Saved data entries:
========
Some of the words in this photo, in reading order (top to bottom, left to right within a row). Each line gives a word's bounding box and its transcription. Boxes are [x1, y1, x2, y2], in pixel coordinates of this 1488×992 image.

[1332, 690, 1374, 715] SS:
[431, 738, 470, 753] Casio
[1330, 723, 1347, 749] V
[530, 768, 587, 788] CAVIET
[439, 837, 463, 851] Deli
========
Write the records above out again precisely.

Some of the words in this photo, in reading order (top to bottom, left to right within a row). Each line gives a word's bounding box and its transcription. Boxes are [x1, y1, x2, y2], in pixel coordinates of this 1488×992 image.

[1332, 690, 1374, 715] SS:
[431, 738, 470, 753] Casio
[1330, 723, 1347, 749] V
[530, 768, 587, 788] CAVIET
[439, 837, 463, 851] Deli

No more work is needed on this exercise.